Putra x Ira - Airport

62 6 17
                                    

Geser.

"Halah si Irsyad lagi..."

"Haloooooo masyarakat!!! Selamat lebaran yak! Nih gue abis... Aduh! Kok dipukul sih Sya?"

"Motornya cari dulu ih! Instagram mulu!"

"Sukurin disemprot bini sendiri,"

Geser.

"Win, senyum Win mumpung cantik!"

"Halah si Dadang, nggak di kantor, nggak di luar, nggak puasa, nggak lebaran, gombalnya gak kelar!"

Geser.

"Halo, saya Raymond,"

"Saya Dana,"

"Kami sekeluarga mengucapkan selamat lebaran untuk teman-teman yang merayakan!"

"Halah malah mantan update sama suaminya,"

Putra menutup ponselnya dan mengangkat kepala. Ia baru menyadari parkiran telah sepi. Putra melirik arlojinya.

07.48 am.

Dua jam lagi pesawatnya akan berangkat. Putra segera bangkit dari duduknya setelah sedikit merenggangkan badan. Ia sedikit terkekeh, merasa bodoh karena tak menyadari ia menjadi satu-satunya manusia yang tersisa di lapangan parkir karena tenggelam dalam update instastory kawan-kawannya.

Harusnya saat ini Putra sudah ada di Surabaya dan memohon maaf di kaki ayah dan ibunya. Salahkan sikap teledornya, satu-satunya tiket yang berhasil ia dapatkan adalah tiket pesawat, itu pun di hari H lebaran.

Iya, Putra sudah menyesal.

Iya, ibunya juga sudah mengomelinya semalam suntuk.

Karena tak ingin mengulangi kebodohan yang sama, pagi ini ia berangkat shalat Ied lebih awal, bahkan mobilnya menjadi mobil pertama yang terparkir. Putra juga berhasil mendapatkan posisi di baris shaf nomor dua dari depan. Namun setelah bersalaman dan sedikit lempar senyum dengan jamaah lain, barulah Putra menyadari sesuatu.

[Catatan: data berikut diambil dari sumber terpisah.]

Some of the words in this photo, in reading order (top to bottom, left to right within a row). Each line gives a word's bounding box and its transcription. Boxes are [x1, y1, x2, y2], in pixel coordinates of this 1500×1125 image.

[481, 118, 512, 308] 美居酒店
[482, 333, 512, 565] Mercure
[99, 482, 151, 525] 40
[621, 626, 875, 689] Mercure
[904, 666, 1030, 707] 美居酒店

Untuk keluar dari masjid dan mengeluarkan mobilnya dari lapangan parkir, ia harus mengantri cukup panjang.

Anggaplah ini kebodohannya yang lain.

Jadilah Putra menunggu semua itu dengan duduk di bangku kosong sembari memainkan ponselnya. Toh jalan raya di hari besar seperti ini sangatlah sepi. Ia tak perlu mengkhawatirkan macet dan menciptakan kebodohan yang lain.

Srak!

Putra mengangkat kaki kanannya. Ada sebuah kantong plastik putih yang tak sengaja diinjaknya. Tangannya terulur mengambil kantong tersebut.

"Lah? Kok ada dompet?" Putra bermonolog sendiri saat menyadari isi dari kantong tersebut.

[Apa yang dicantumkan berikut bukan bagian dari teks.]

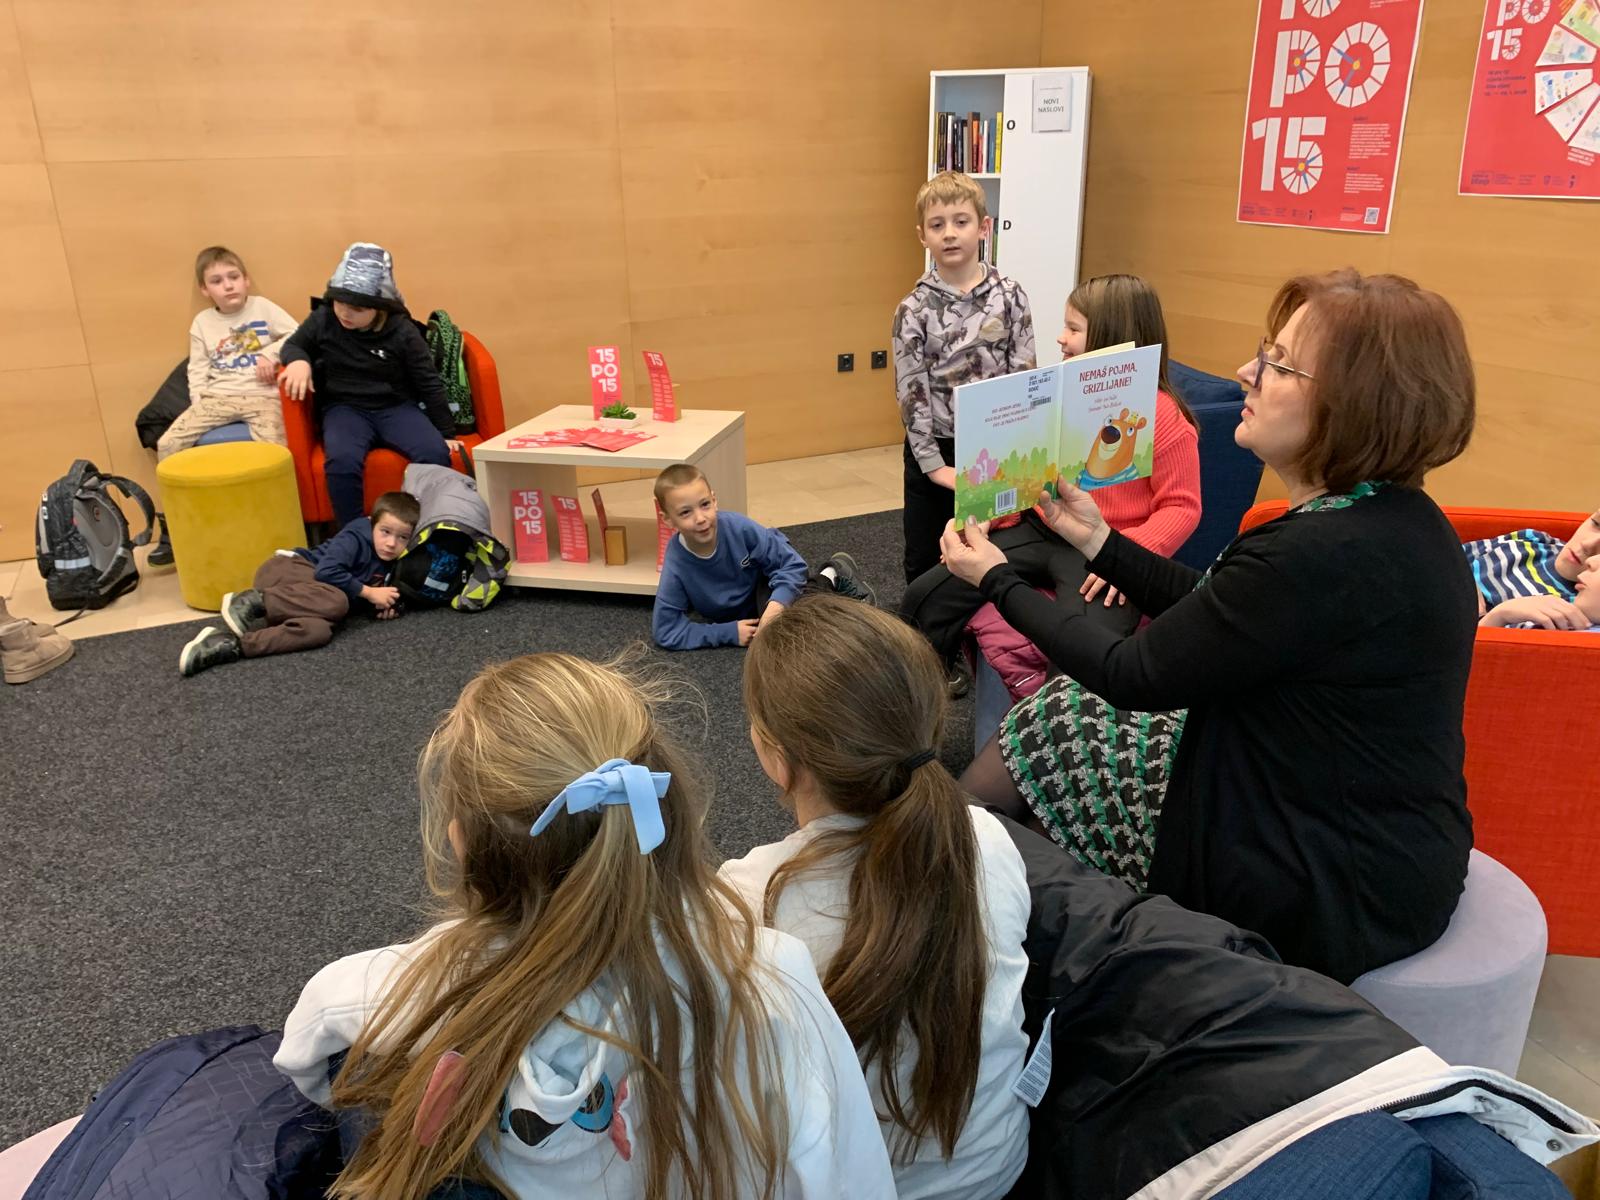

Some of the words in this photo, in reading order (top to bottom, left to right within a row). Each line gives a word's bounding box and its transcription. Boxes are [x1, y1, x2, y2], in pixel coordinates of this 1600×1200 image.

[1496, 0, 1550, 26] PO
[1487, 28, 1523, 61] 15
[1269, 21, 1391, 108] PO
[1006, 120, 1016, 131] O
[1252, 116, 1327, 195] 15
[1003, 220, 1012, 230] D
[596, 348, 615, 363] 15
[648, 352, 664, 367] 15
[591, 363, 618, 378] PO
[1079, 365, 1107, 383] NEMAŠ
[598, 378, 618, 393] 15
[1082, 376, 1132, 395] GRIZLIJANE!
[519, 491, 539, 506] 15
[558, 497, 577, 511] 15
[514, 506, 542, 520] PO
[522, 520, 542, 535] 15

Sekali lagi Putra menoleh ke kanan dan kiri, barangkali menemukan si pemilik kantong. Sayangnya nihil, ia memang satu-satunya yang tersisa.

"Mohon maaf ya ini barangnya gue bongkar, keburu pesawat gue berangkat nih,"

Putra membuka dompet berukuran cukup besar tersebut. Ada beberapa kartu beratasnamakan 'Indira Listy Wijayanti' dan beberapa lembar uang kertas yang tak berani disentuh Putra. Matanya kini justru tertuju pada dua lembar kertas bukti penukaran tiket pesawat tujuan Surabaya jam 10 pagi.

Kok sama?

"Lah? Sebelahan sama gue?" kening Putra makin mengernyit saat membaca nomor kursinya.

"Pak? Beneran nggak lihat dompet jatuh Pak? Biru warnanya, agak gede gitu,"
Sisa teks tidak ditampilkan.